Ora molto probabilmente è iniziata per il sottoscritto una nuova fase di questa ormai vecchia «convivenza»: dopo un anno piuttosto impegnativo a causa di effetti collaterali dei farmaci che assumo, a partire dallo scorso mese di agosto ho perso l’intensità della voce a causa di una corda vocale bloccata. Non è stato molto difficile individuare il motivo principale: una progressione della malattia nella medesima zona sensibile. Dopo diversi accertamenti finalmente i medici hanno optato per l’intervento chirurgico.
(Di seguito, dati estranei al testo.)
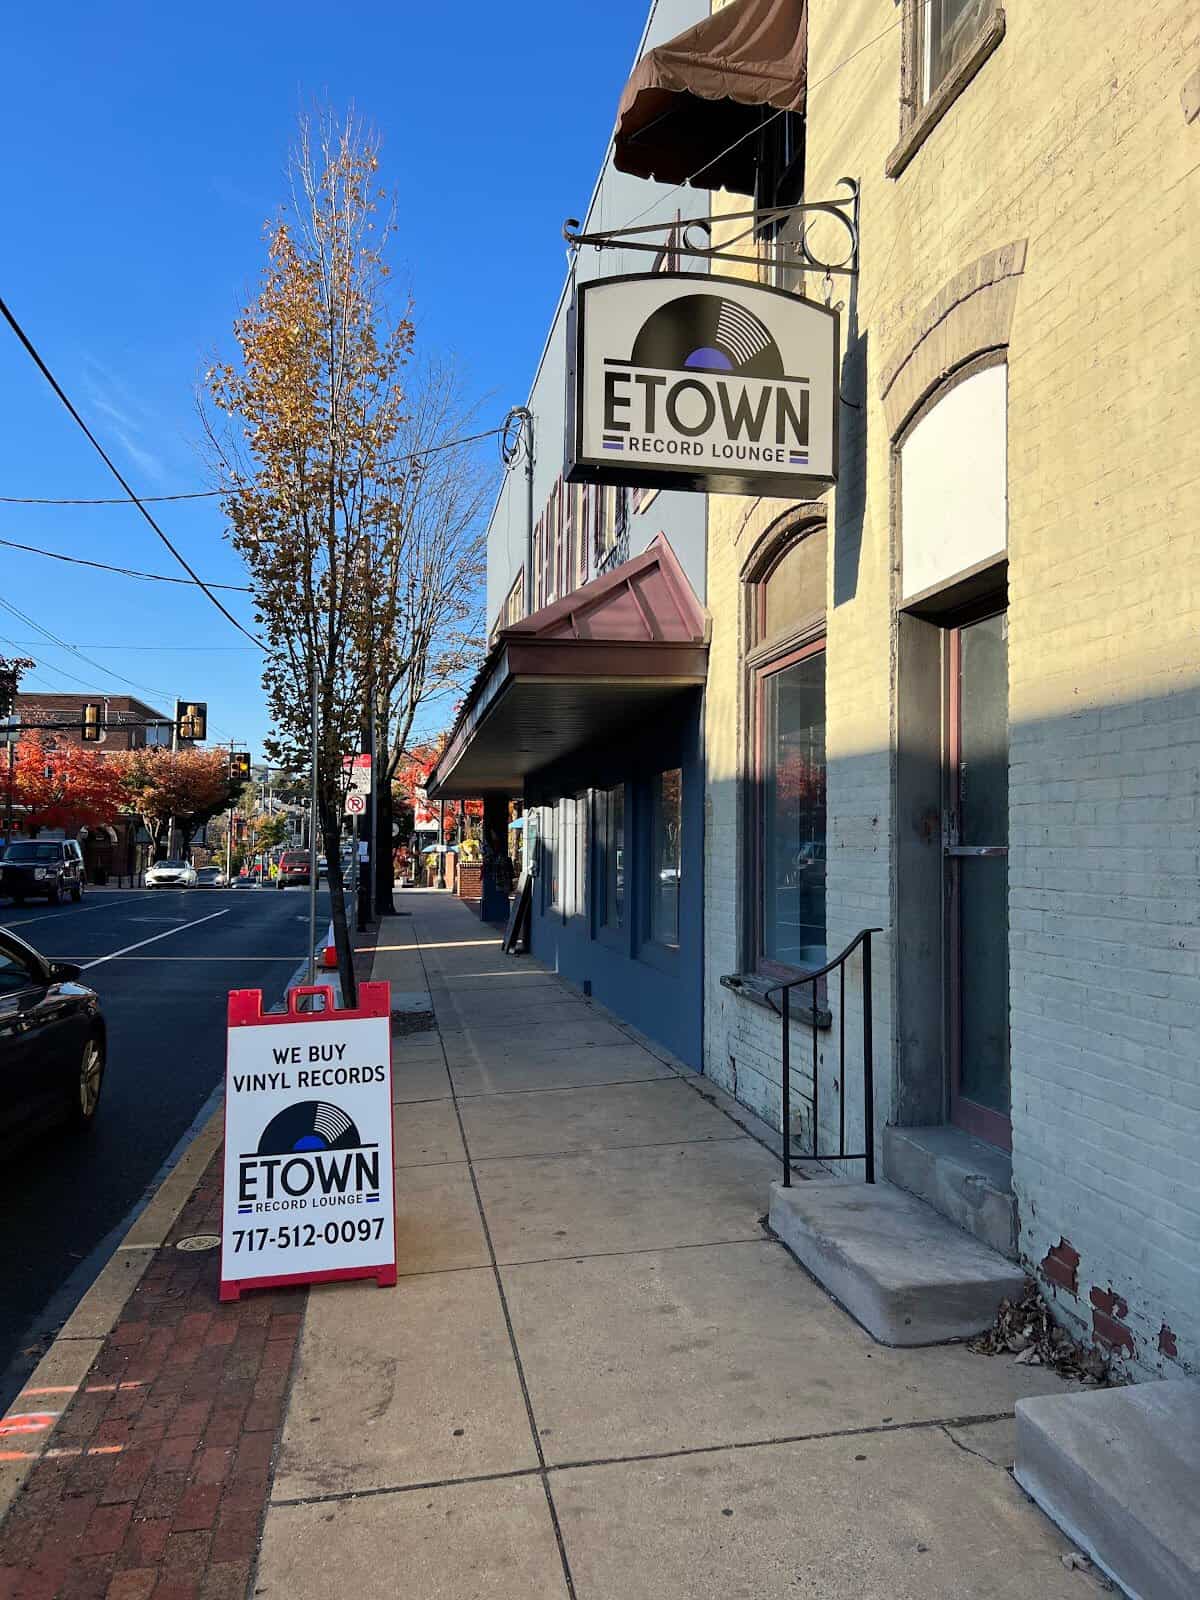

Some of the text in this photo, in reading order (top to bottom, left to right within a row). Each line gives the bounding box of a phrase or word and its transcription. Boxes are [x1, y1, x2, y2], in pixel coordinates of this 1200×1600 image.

[603, 370, 810, 447] ETOWN
[628, 436, 785, 463] RECORD LOUNGE
[272, 1043, 347, 1065] WE BUY
[233, 1065, 385, 1093] VINYL RECORDS
[238, 1152, 380, 1202] ETOWN
[255, 1193, 363, 1213] RECORD LOUNGE
[232, 1217, 385, 1253] 717-512-0097
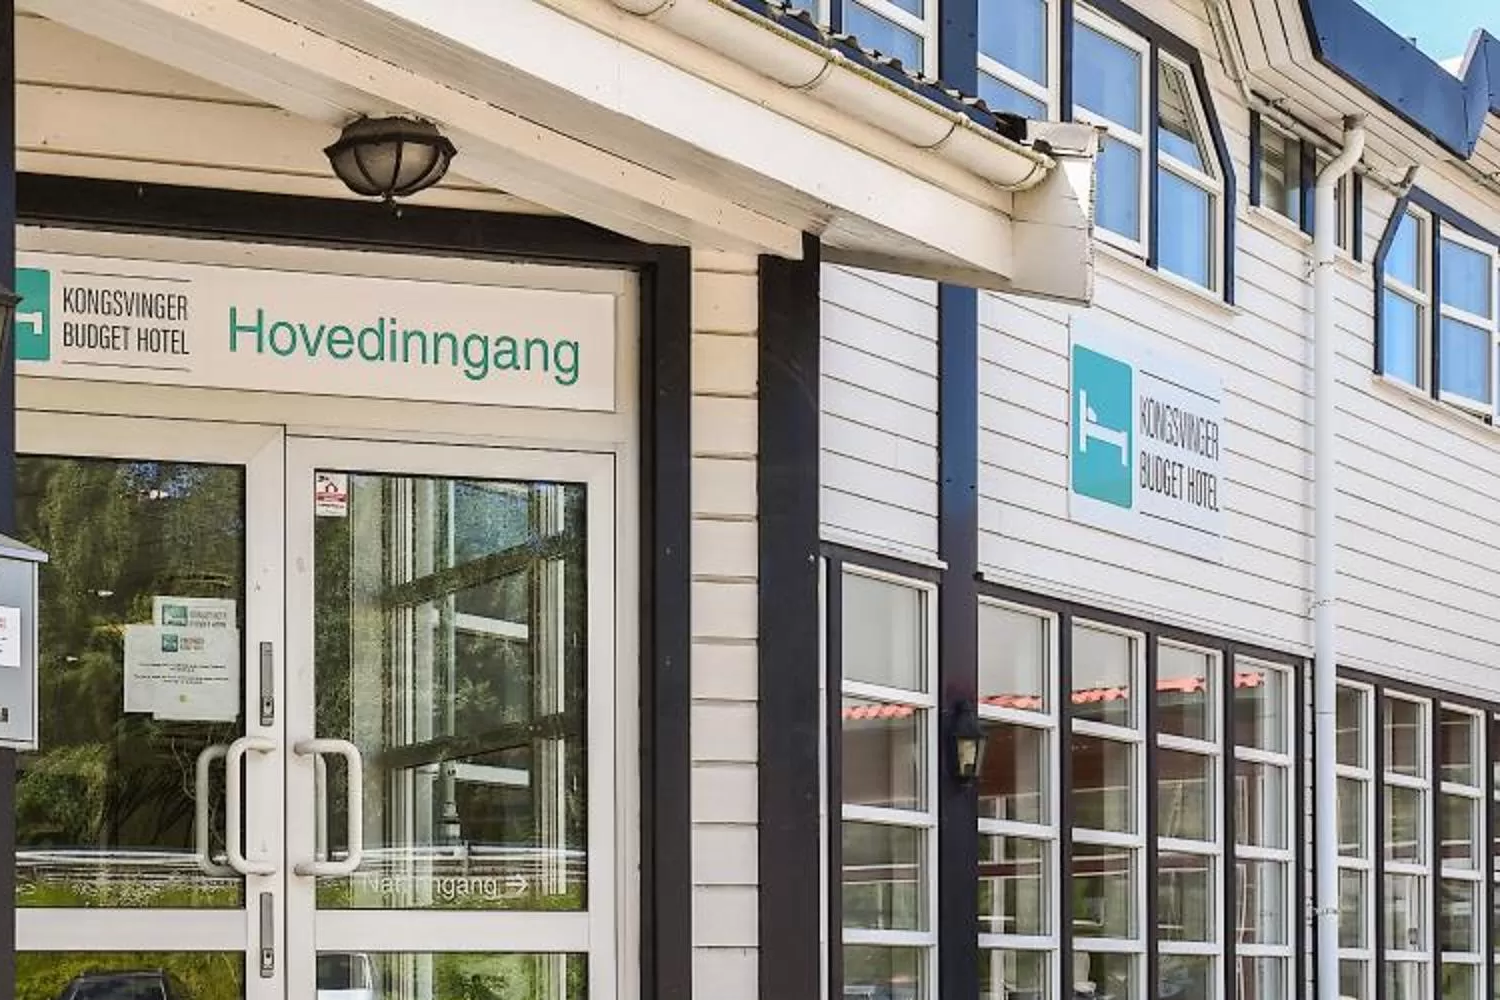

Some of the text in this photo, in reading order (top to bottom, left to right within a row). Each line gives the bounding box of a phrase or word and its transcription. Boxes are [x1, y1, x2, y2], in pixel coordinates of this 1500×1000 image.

[62, 286, 189, 322] KONGSVINGER
[62, 322, 190, 356] BUDGET HOTEL
[229, 306, 581, 386] Hovedinngang
[1140, 393, 1220, 462] KONGSVINGER
[1140, 450, 1220, 512] BUDGET HOTEL
La decisione però non è stata facile perché a rischio sono le corde vocali e non si esclude la perdita totale della voce.Tuttavia questo pericolo era già presente al momento del primo intervento.
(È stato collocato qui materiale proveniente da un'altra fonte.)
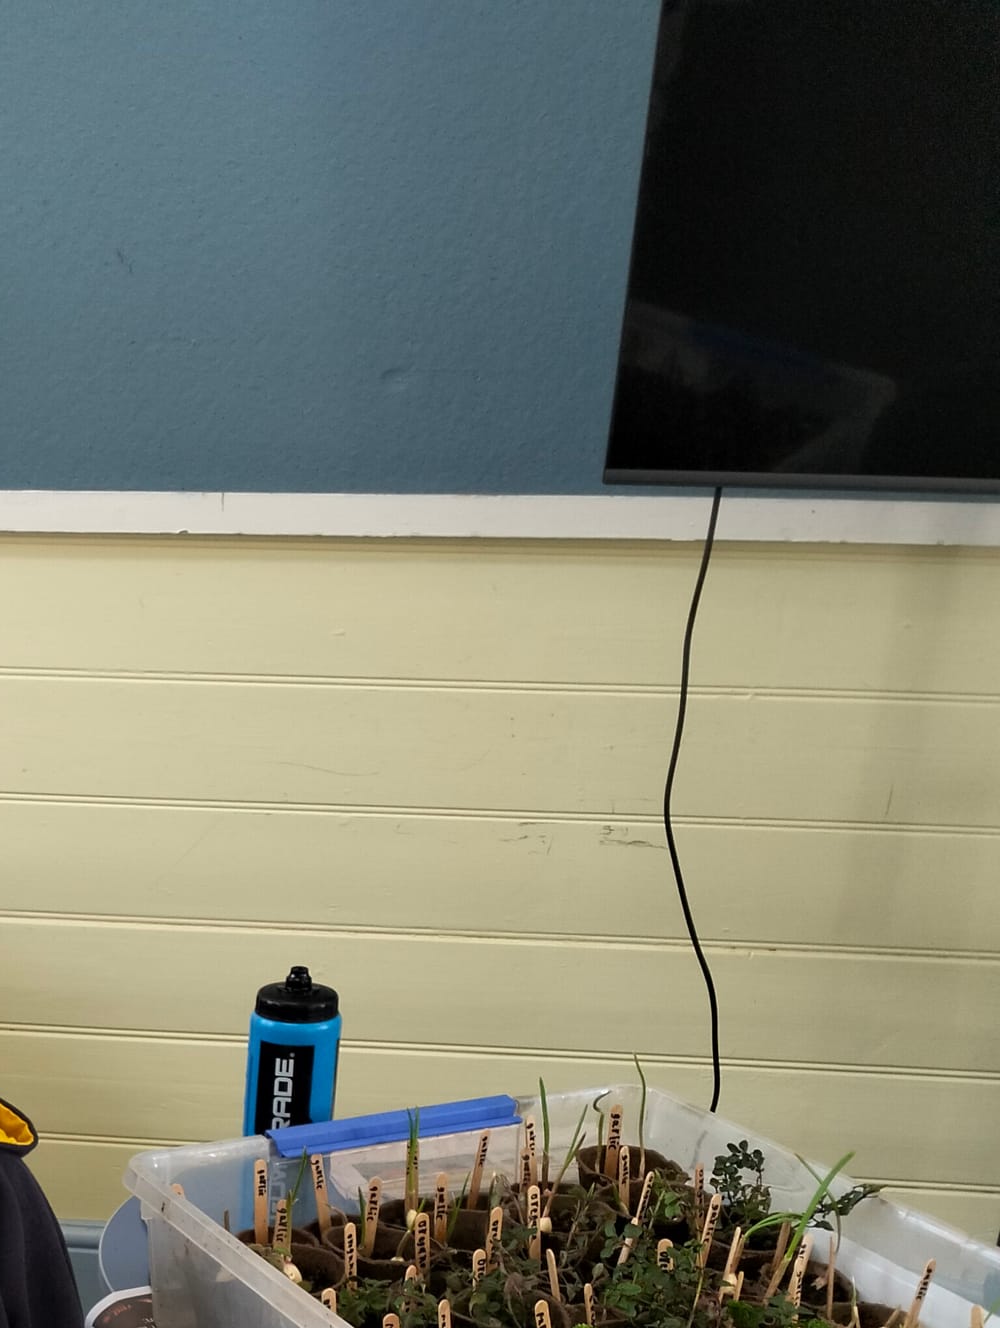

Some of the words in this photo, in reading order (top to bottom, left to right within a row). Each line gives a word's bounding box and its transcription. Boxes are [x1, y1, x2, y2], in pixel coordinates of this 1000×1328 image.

[609, 1114, 620, 1149] garlic
[478, 1136, 487, 1167] garlic
[257, 1170, 267, 1196] garlic
[311, 1160, 325, 1189] garlic
[367, 1186, 379, 1221] garlic
[276, 1208, 288, 1242] garlic
[704, 1204, 719, 1243] garlic
[418, 1221, 426, 1268] oregano
Qual è il mio stato d’animo? Ho paura? Sono in ansia? Sono preoccupato?... Penso che queste domande siano spontanee ed umane, ma credo sinceramente di non poter rispondere con un semplice sì-no. I fratelli che mi tengono d’occhio forse hanno delle risposte migliori. Il mio è stato sempre un caso molto particolare; nonostante ciò ho avuto la fortuna di non soffrire molto fisicamente e, nella misura del possibile, ho vissuto regolarmente la vita della fraternità. Ho sempre sostenuto l’idea che io e la mia cartella clinica non andiamo proprio d’accordo, infatti ognuno va per conto suo! Certamente ho avvertito la mia personale fragilità e mi sono anche sentito limitato, costretto a mettere al primo posto i miei frequenti e puntuali appuntamenti clinici. E quanta gente ho visto negli ospedali…
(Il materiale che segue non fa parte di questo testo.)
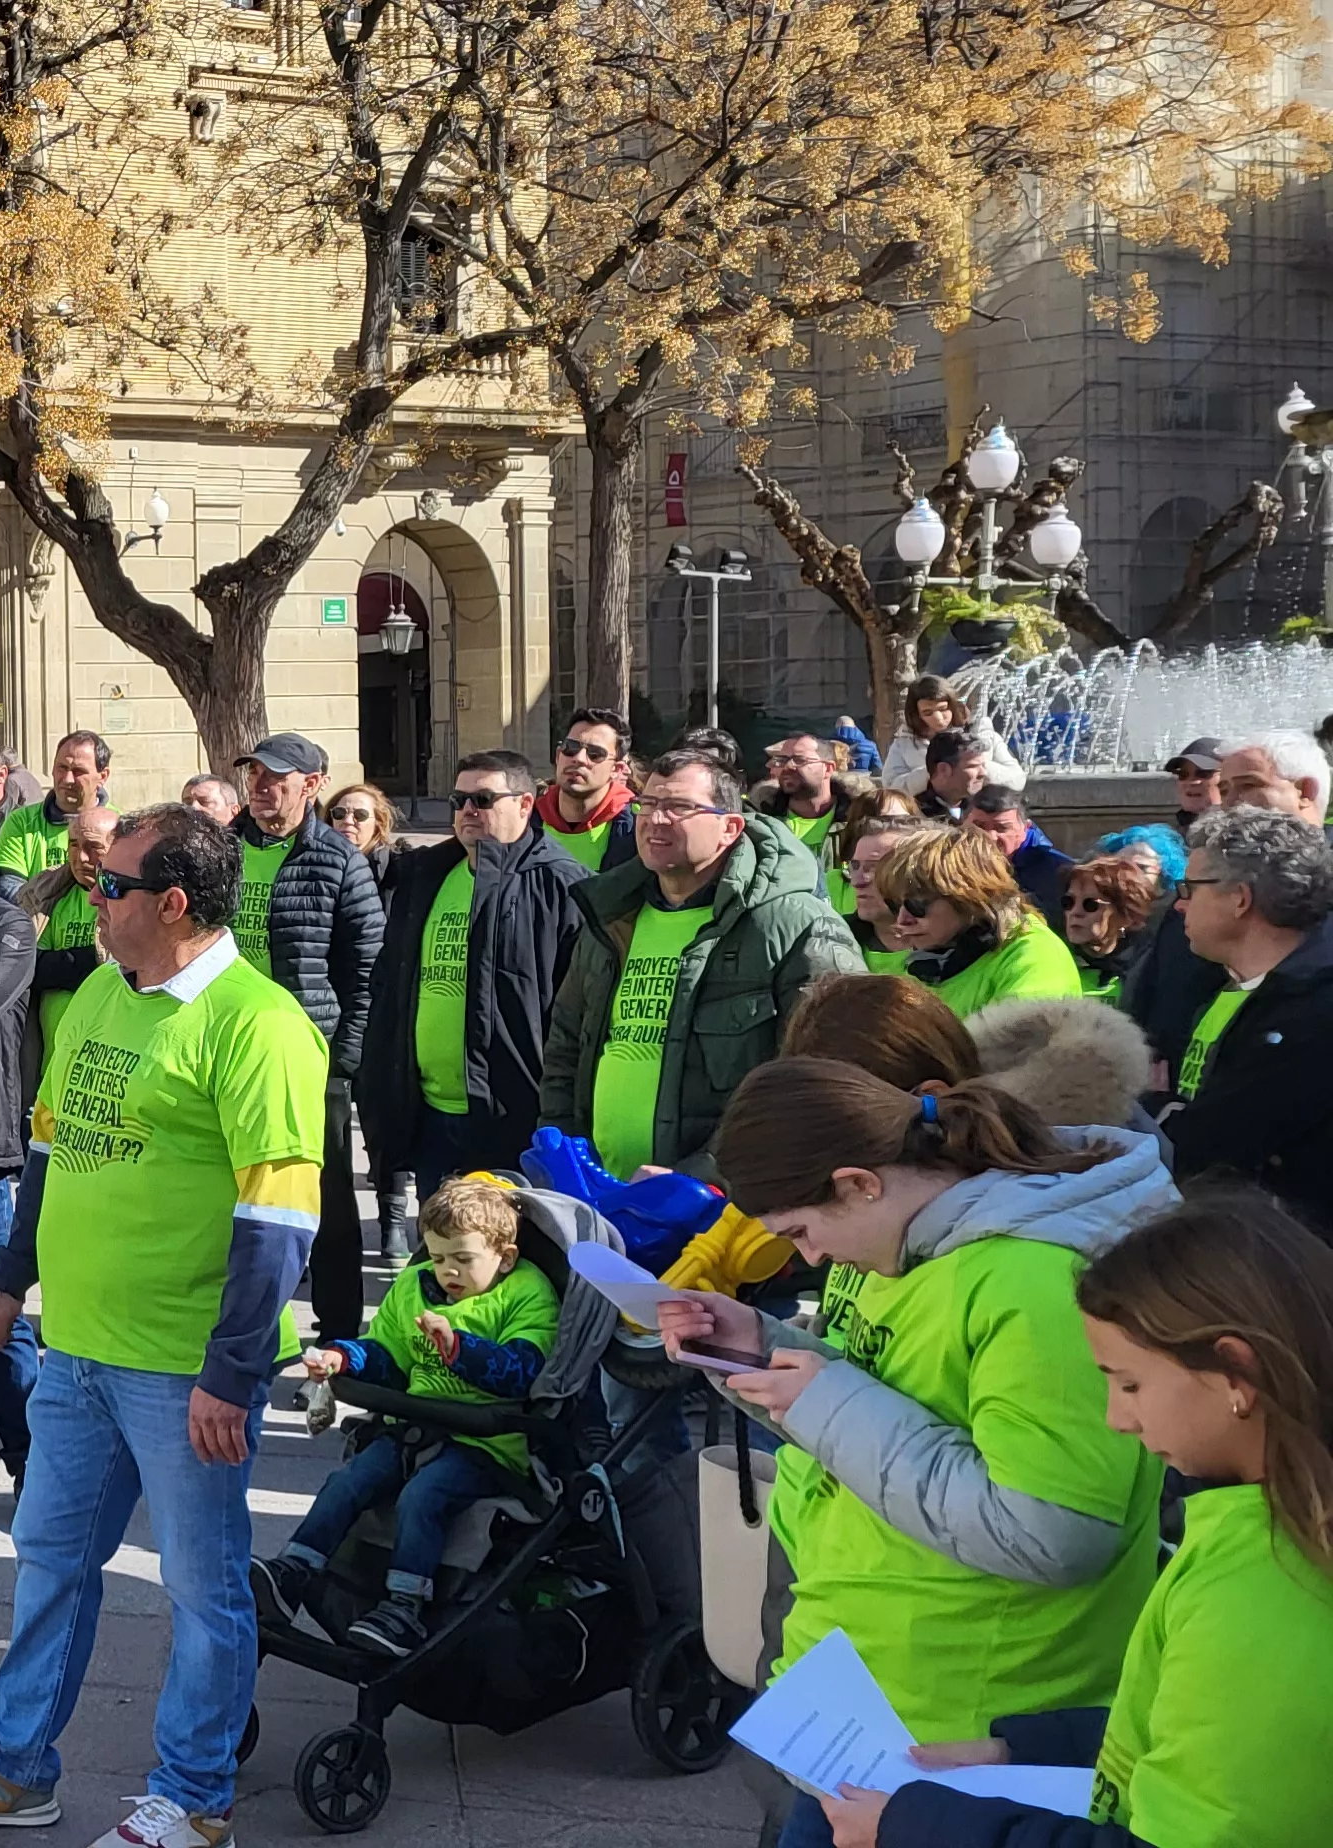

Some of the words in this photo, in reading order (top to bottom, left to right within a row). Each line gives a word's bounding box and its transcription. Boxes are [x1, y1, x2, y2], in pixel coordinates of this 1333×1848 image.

[439, 912, 469, 927] PROY
[433, 944, 468, 961] GENE
[625, 957, 679, 977] PROYEC
[632, 977, 674, 996] INTER
[620, 999, 668, 1020] GENER
[632, 1025, 667, 1044] QUIE
[77, 1039, 140, 1075] PROYECTO
[81, 1066, 128, 1100] INTERES
[62, 1088, 125, 1129] GENERAL
[74, 1127, 116, 1158] QUIEN
[119, 1138, 144, 1164] ??
Sono ben consapevole che di fronte al mistero della malattia ogni individuo reagisce in modo diverso perché si tratta di una lotta personale. Il mio punto di vista è sicuramente un po’ diverso, a cominciare dal fatto che di pensare che conoscere tutta la verità sia stato il modo migliore per venirmi incontro. Poi non ho mai considerato la mia situazione soltanto una sfida personale ma sempre comunitaria: i fratelli sono stati i miei angeli custodi e forse, come succede in tutte le famiglie, sono stati loro i più provati.Quindi vederli preoccupati in questo periodo mi sembra sia comprensibile e allo stesso tempo bello. Non nascondo che il pensiero di dover diventare un peso per loro mi preoccupa un pochino e so anche che questa è una tentazione da scacciare.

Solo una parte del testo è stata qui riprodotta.